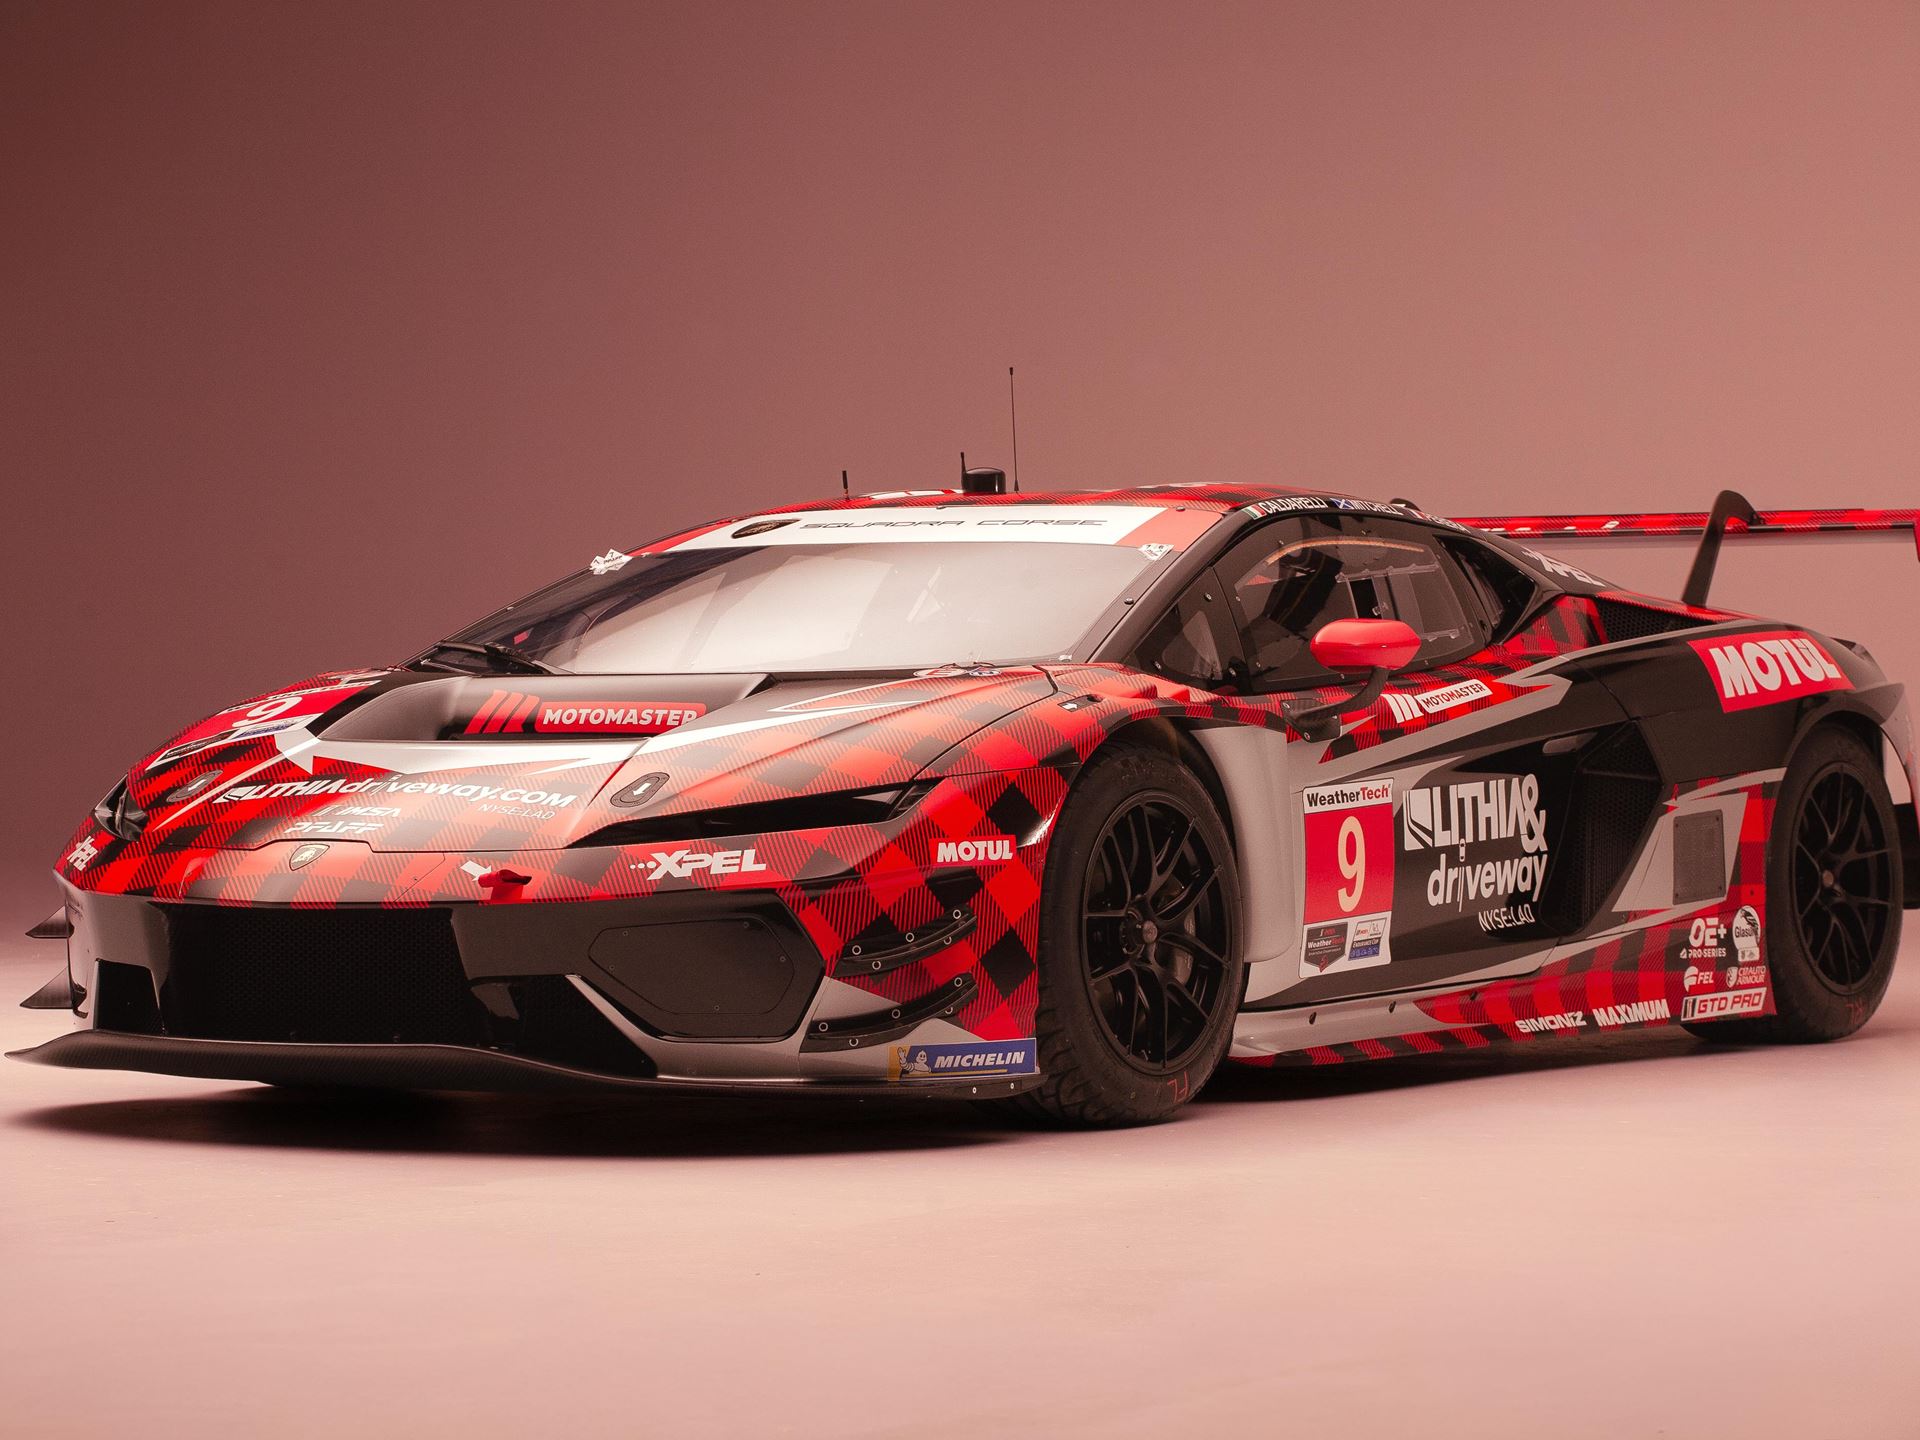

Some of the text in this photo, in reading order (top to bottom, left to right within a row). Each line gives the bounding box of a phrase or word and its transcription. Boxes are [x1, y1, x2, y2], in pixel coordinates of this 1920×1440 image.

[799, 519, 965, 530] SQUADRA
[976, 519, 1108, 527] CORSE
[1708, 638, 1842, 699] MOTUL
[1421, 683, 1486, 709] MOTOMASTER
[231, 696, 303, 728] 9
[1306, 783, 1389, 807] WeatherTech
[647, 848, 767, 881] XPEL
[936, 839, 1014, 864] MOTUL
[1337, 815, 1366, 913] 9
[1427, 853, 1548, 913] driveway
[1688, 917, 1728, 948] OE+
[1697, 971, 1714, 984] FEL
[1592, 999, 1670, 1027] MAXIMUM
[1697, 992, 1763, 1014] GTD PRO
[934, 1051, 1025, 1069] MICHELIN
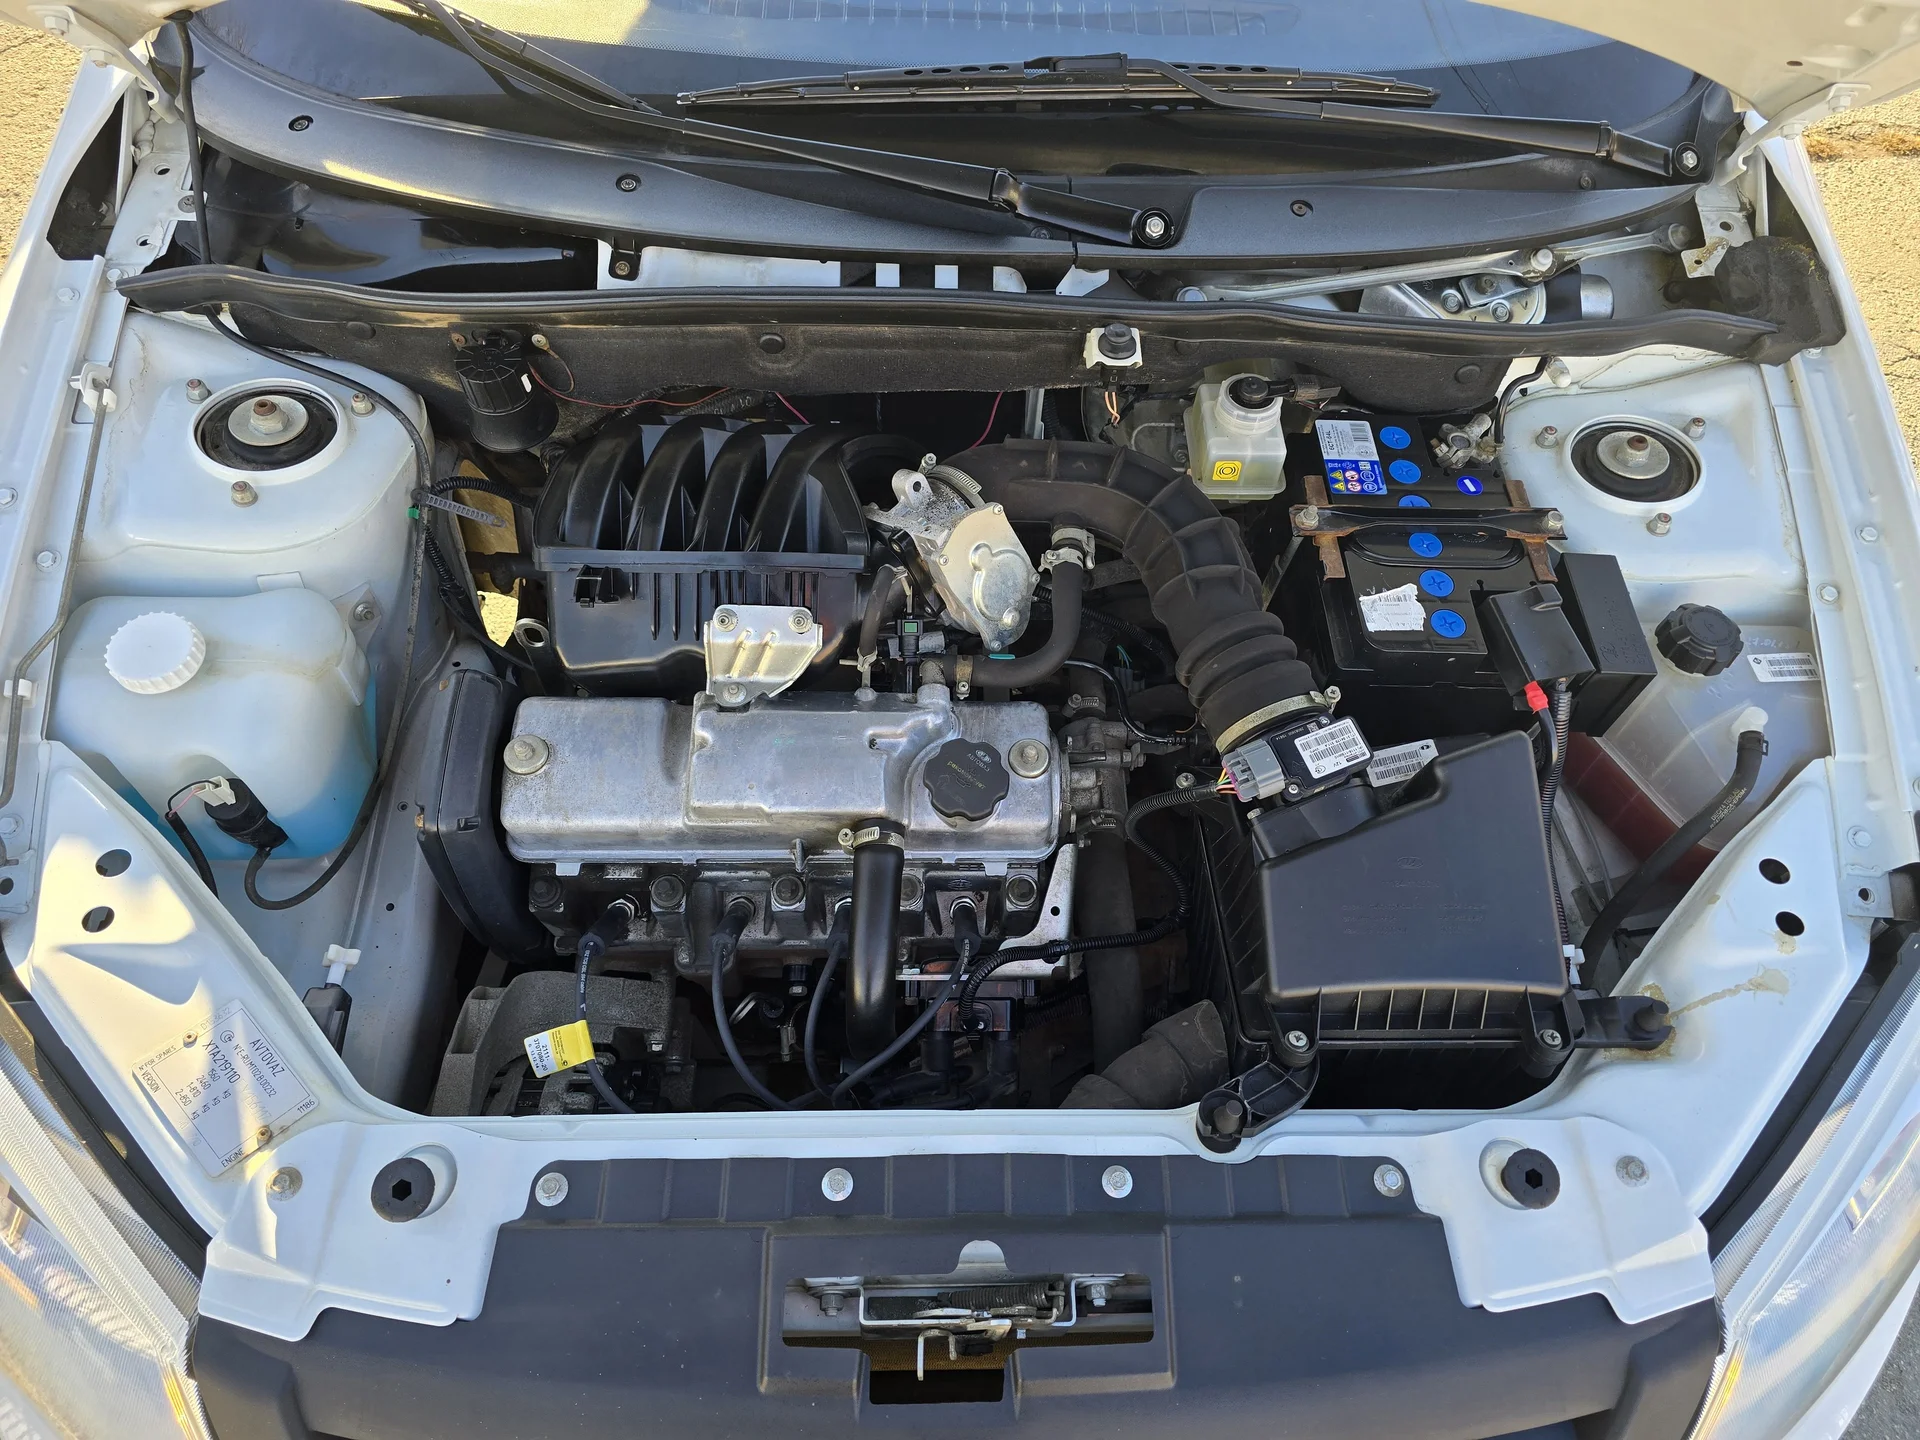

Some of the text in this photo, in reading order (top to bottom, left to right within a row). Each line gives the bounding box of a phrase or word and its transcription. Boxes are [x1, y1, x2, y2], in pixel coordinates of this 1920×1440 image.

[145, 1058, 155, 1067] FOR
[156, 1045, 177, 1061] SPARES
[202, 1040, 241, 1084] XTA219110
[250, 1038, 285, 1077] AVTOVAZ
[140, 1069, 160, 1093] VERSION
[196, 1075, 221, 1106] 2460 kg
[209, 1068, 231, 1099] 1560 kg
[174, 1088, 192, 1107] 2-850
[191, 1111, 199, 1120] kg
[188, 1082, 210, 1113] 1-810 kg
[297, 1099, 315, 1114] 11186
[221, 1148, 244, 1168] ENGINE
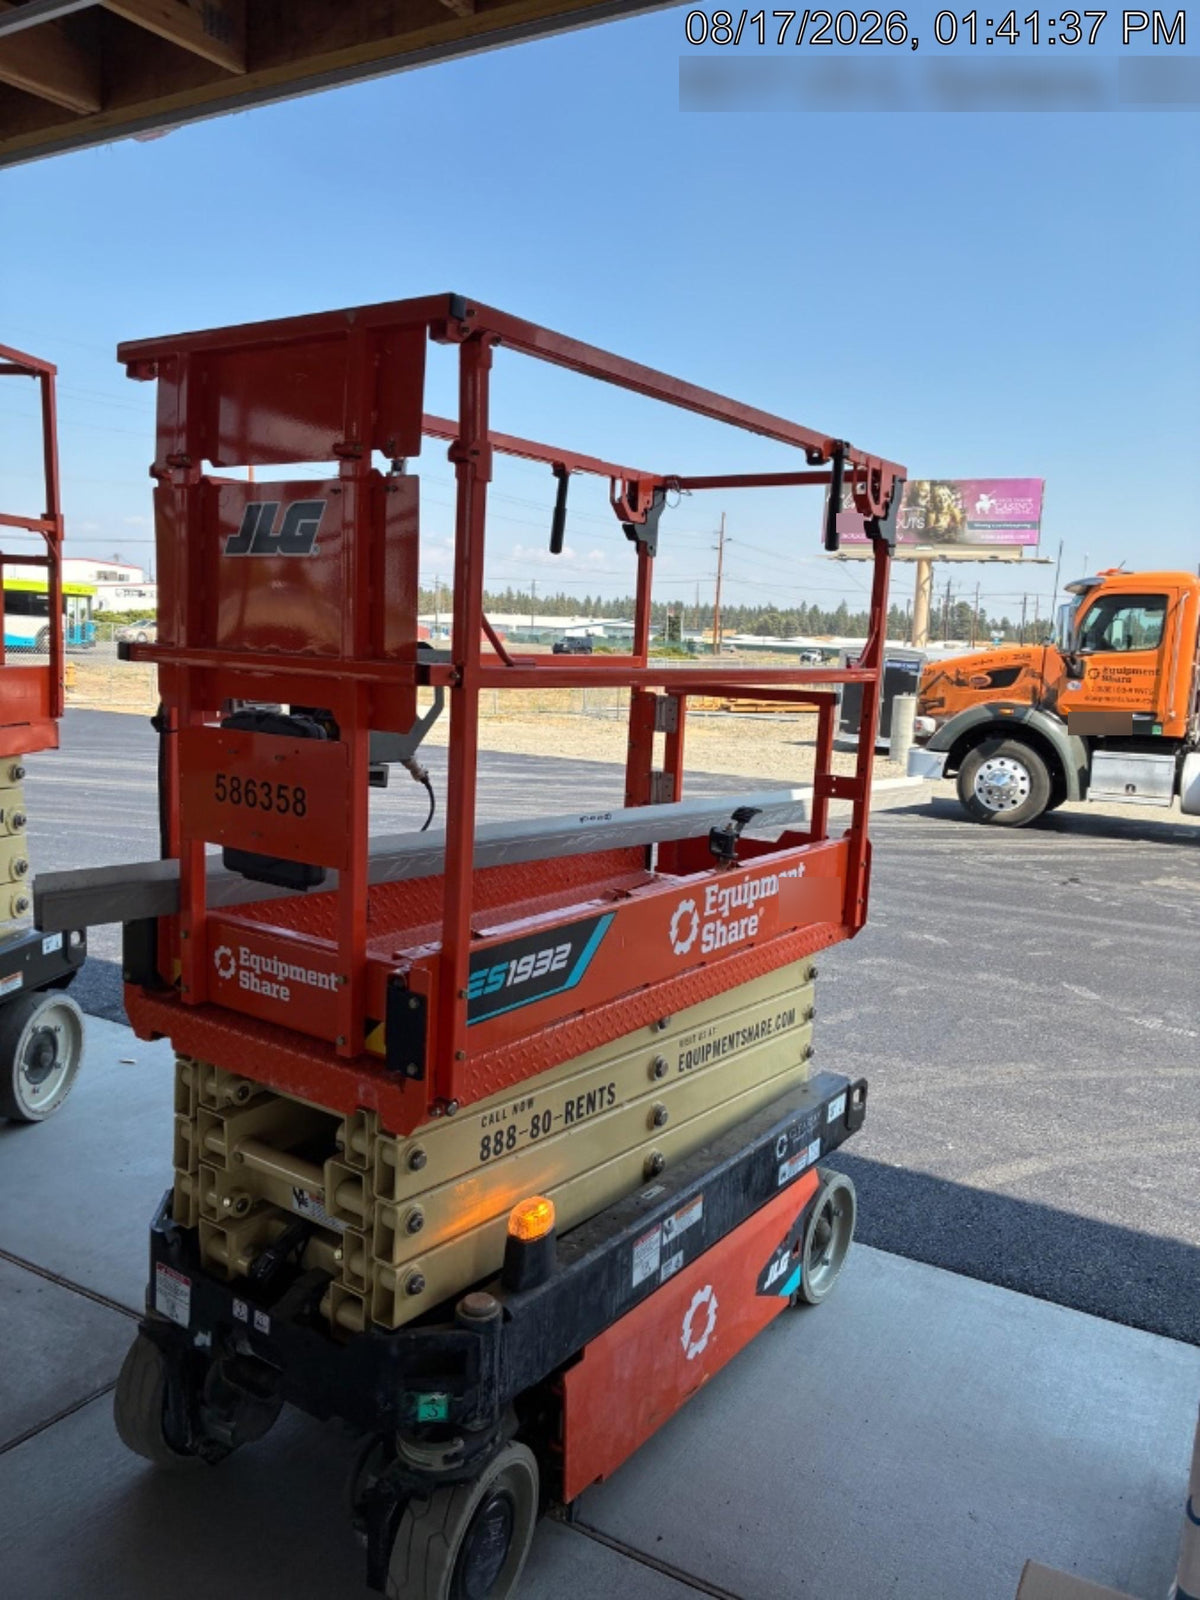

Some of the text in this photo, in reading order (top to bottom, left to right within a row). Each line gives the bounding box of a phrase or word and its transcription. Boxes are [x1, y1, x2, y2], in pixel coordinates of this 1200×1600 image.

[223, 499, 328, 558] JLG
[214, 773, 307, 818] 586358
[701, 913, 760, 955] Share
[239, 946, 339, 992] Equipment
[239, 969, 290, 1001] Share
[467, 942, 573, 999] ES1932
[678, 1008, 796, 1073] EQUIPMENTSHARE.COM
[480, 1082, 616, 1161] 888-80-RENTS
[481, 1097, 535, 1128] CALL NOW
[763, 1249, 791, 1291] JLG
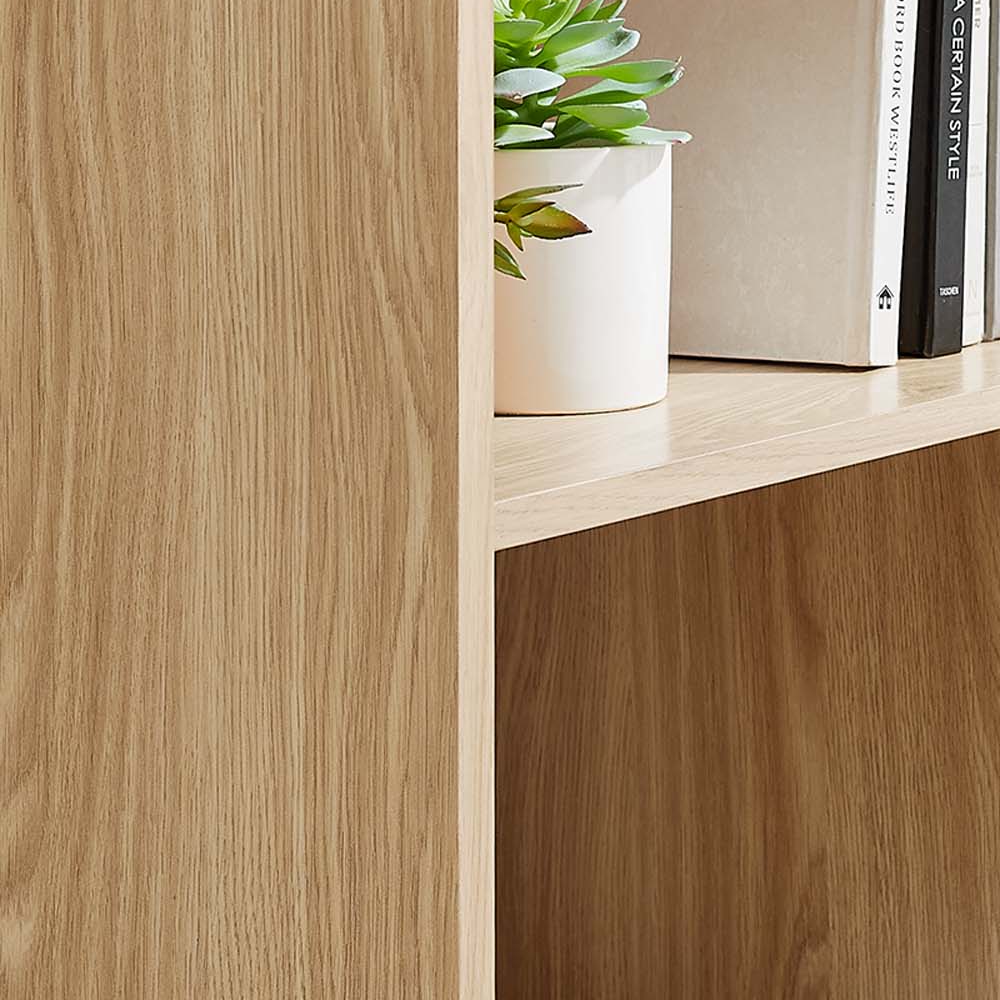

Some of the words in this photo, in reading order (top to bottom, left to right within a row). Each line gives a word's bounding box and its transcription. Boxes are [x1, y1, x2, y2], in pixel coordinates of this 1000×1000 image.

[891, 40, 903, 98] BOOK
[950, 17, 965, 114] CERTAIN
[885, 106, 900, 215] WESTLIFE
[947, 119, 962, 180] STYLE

— WHAT THE TASK ASKS —
The task here is to output the line with "Some of the words" and all lines after it to the end of the records above, exactly and only those.

— EXPECTED ANSWER —
Some of the words in this photo, in reading order (top to bottom, left to right within a row). Each line gives a word's bounding box and its transcription. Boxes are [x1, y1, x2, y2], in pixel coordinates of this 1000×1000 image.

[891, 40, 903, 98] BOOK
[950, 17, 965, 114] CERTAIN
[885, 106, 900, 215] WESTLIFE
[947, 119, 962, 180] STYLE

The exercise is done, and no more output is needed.